Easiest to live with is the chickadee. She darts to the feeder, grabs a seed and flits away to eat it. The original takeout eater. Back and forth she goes, one mouthful at a time. Quiet, efficient and aloof, that’s the chickadee. She’s hard to get to know.

A favorite of mine is the mourning dove, the dowager queen of the feeding station. Doves always look so satisfied, so well fed, so superior, as they flounce about under the feeder, heads bobbing as they strut. Pecking, pecking, pecking. They act like they’re very much in charge, although, like all queens, they’re not. They act silly only at mating time and then just the male loses his dignity. He chases the female around, lusting after her, gently pecking on her neck. All the while the Queen maintains her dignity. She’s having none of it. The whole messy business of romance is not for her. While he puffs and postures, she keeps eating. A real queen.

Uninvolved in all the feeding frenzy are the robins. Bird feeders are not their cup of tea. They have their own restaurant, the lawn. Nobody yet has developed a bird feeder that you fill with worms. It will come, you can bet.

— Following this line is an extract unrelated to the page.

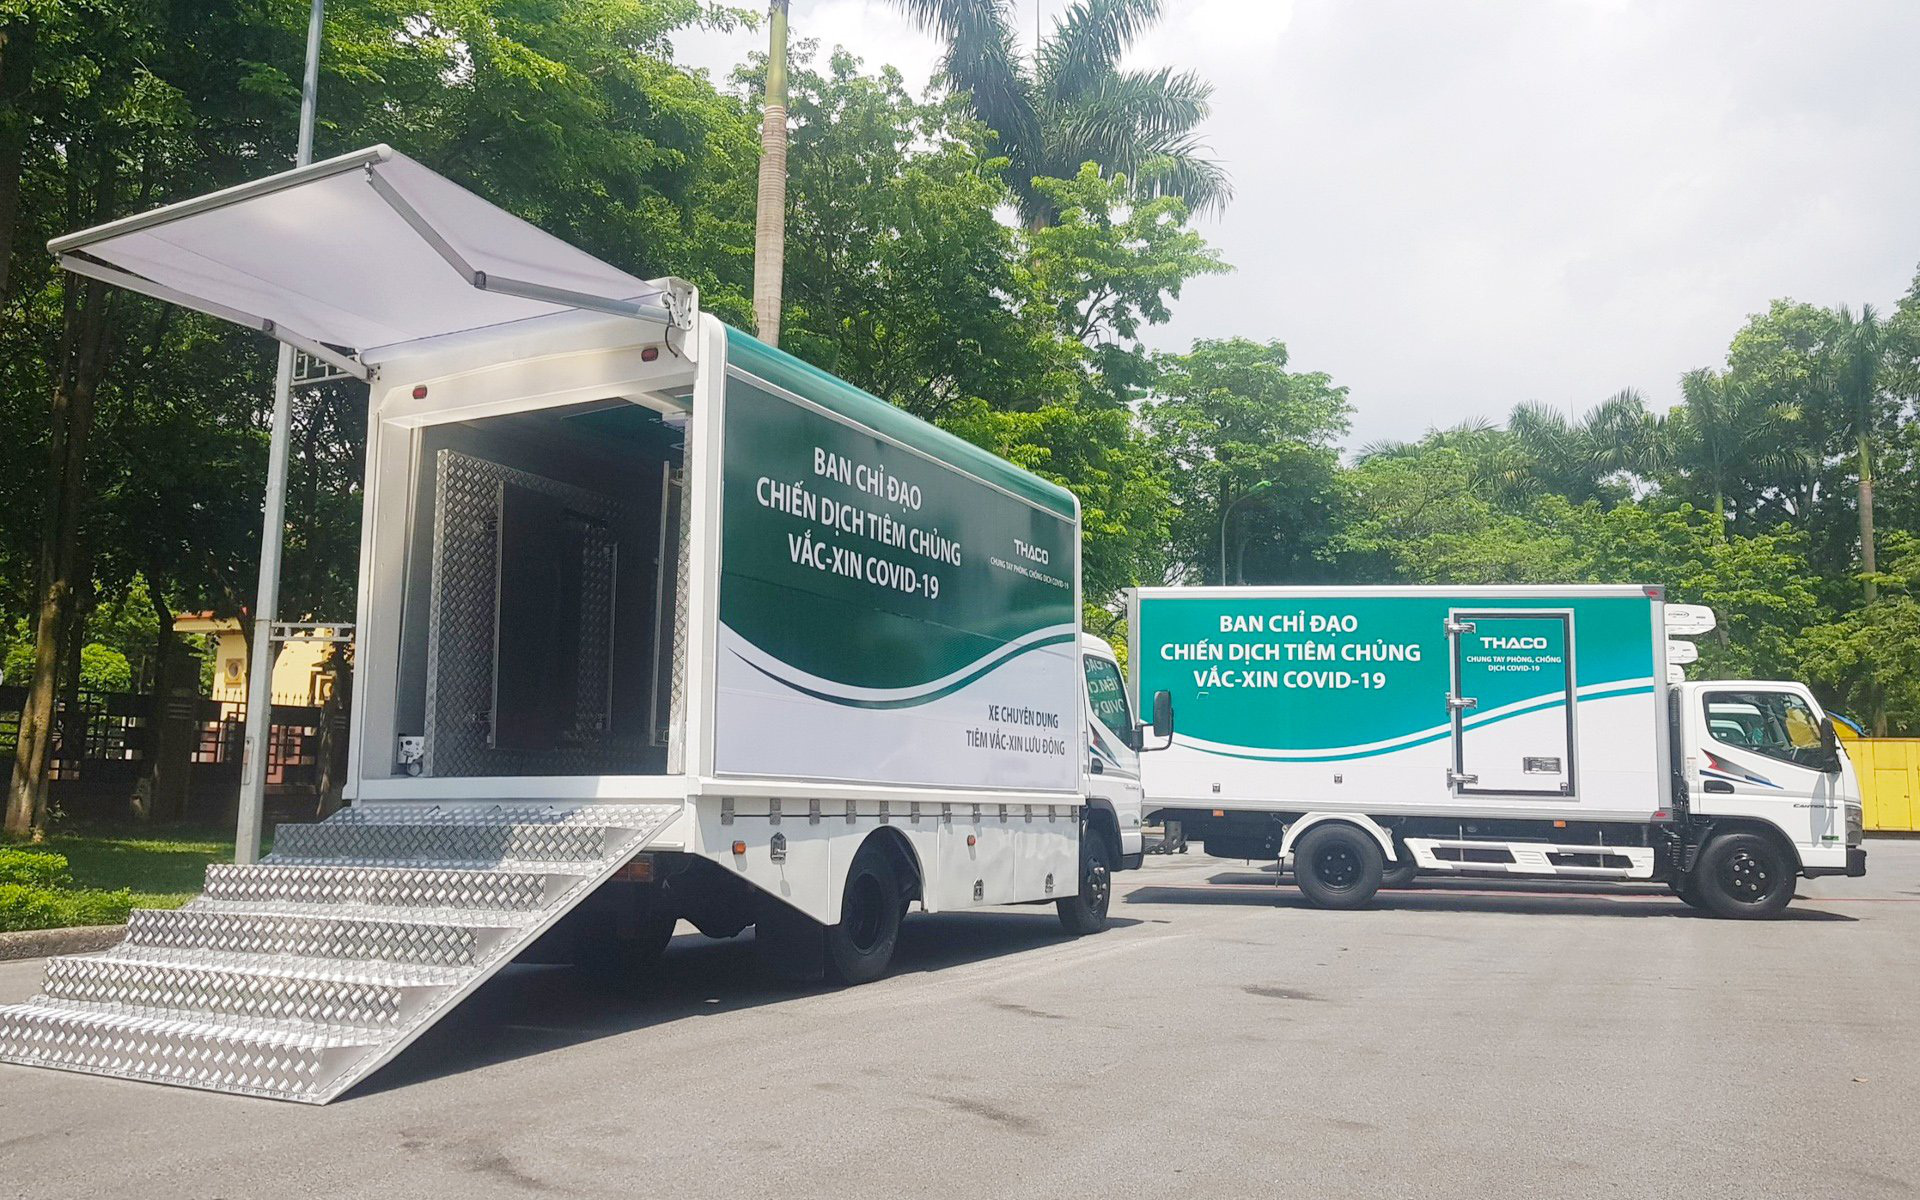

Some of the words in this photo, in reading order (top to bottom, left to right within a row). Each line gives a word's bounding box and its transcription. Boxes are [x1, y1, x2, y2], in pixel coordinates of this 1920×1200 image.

My brother-in-law has one of those high tech bird feeders. You set a dial and any bird that weighs more than the setting is shut out. A cover drops over the seed when the heavy bird lands on the feeder. He set it to keep out the bluejay. Or so he thought. But within a couple of days, the bluejay figured out how to beat the system. The cover wouldn’t close if he kept his weight close to the pivot. How long did it take Archimedes to discover the law of the lever? This bluejay figured it out in a couple of days! And we have the gall to call dim-witted humans “bird-brained.”